Some modules want -5V to +5V, others produce 0 to +10V, then there's modulation modifying the voltages, and after a while I'm completely lost what I actually have for a signal. In many cases, I can cope by just listening to the result. But in some situations, I’d like to know it a bit more precisely. So my question is: how do you check the voltage range of a signal? Do you do that at all? If yes, with a specific module, or a multi-purpose one like the Mordax Data?


I've never bothered checking the voltage of a signal & don't really have a way of doing it other than a multimeter

I usually attenuate modulation anyway & what's the worst that can happen in eurorack? probably that the signal will clip... & as it's not audio...

"some of the best base-level info to remember can be found in Jim's sigfile" @Lugia

Utility modules are the dull polish that makes the shiny modules actually shine!!!

sound sources < sound modifiers < modulation sources < utilities


I'm mostly in camp "by ear" too for signal levels too, as Jim says the worst that happens is that something clips off a bit of the signal. Definitely occasionally throw envelope signals into Mordax to get a look at what they're doing though!

IMHO though, other than tuning you really shouldn't chase all that much precision in signal levels! Let it be a little sloppy, it might do something cool!


Yeah for me a scope like the the O'Tool+ or Mordax Data is essential. Yes you should use your ears, but viewing things in the scope can save you a lot of headaches as far as diagnosing problems when things aren't behaving like you expect. I'm a visual person anyway so I like to be able to see things in the scope regardless.

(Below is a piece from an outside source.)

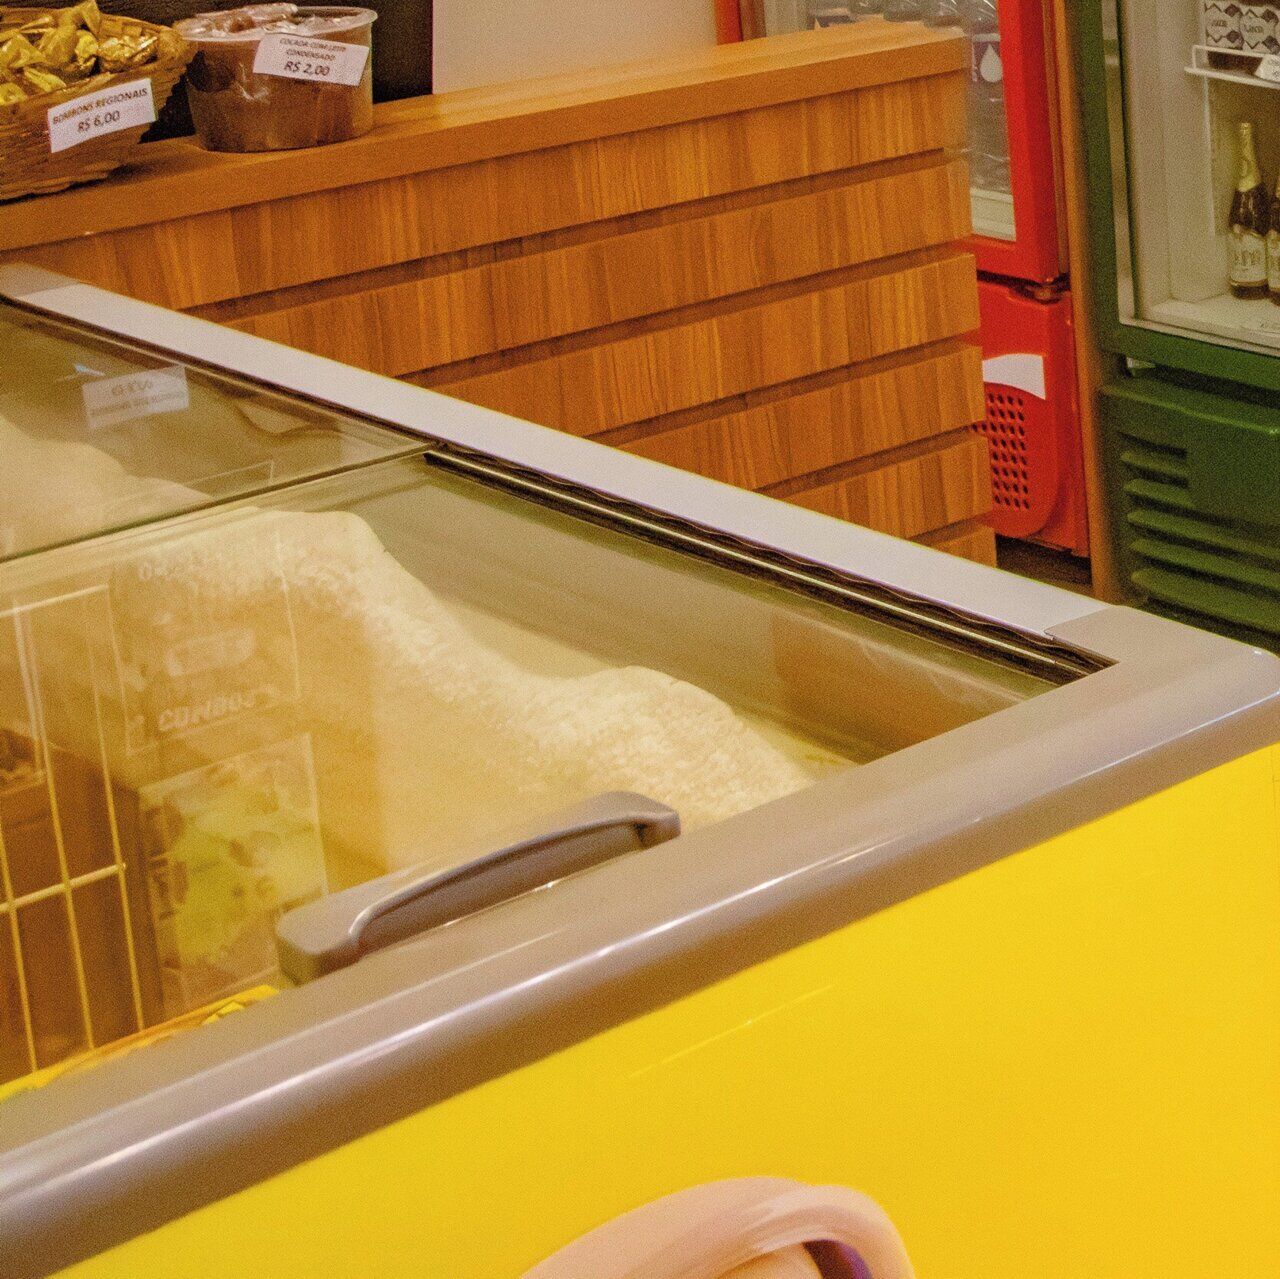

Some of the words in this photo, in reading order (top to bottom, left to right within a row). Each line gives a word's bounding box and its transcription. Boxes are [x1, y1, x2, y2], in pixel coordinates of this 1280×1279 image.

Yeah for me a scope like the the O'Tool+ or Mordax Data is essential. Yes you should use your ears, but viewing things in the scope can save you a lot of headaches as far as diagnosing problems when things aren't behaving like you expect. I'm a visual person anyway so I like to be able to see things in the scope regardless.
-- adaris

I'm visual too, so I can relate. But also for simpler matters. I have the Zadar, which outputs 0-10V (attenuatable). Suppose I get that down to 0-3V. Now if I invert that, I get -3-0V. Say I want it to be 0-3V. With many DC sources, it's hard to say if I'm really getting 3V. I was using that to AND the inverse of envelope of a sound with gates, in other words to stop gates from triggering while the sound is still playing. By ear, it's probably good enough. Visually, I feel it's more accurate. Now the question is - do I want to spend €500 on a Mordax for that?


I'm visual too, so I can relate. But also for simpler matters. I have the Zadar, which outputs 0-10V (attenuatable). Suppose I get that down to 0-3V. Now if I invert that, I get -3-0V. Say I want it to be 0-3V. With many DC sources, it's hard to say if I'm really getting 3V. I was using that to AND the inverse of envelope of a sound with gates, in other words to stop gates from triggering while the sound is still playing. By ear, it's probably good enough. Visually, I feel it's more accurate. Now the question is - do I want to spend €500 on a Mordax for that?
-- Arrandan

Well I would just say that 1) there are cheaper scope options out there than the Mordax, which has 4 channels and does more than just act as an oscilloscope. Plum Audio, FPB, and Intellijel have cheaper scopes, and there may be others I'm missing as well. And 2) If your experience is like mine you're likely to run into other situations where you'll be glad you had a scope. I actually have more than one and I don't regret it at all.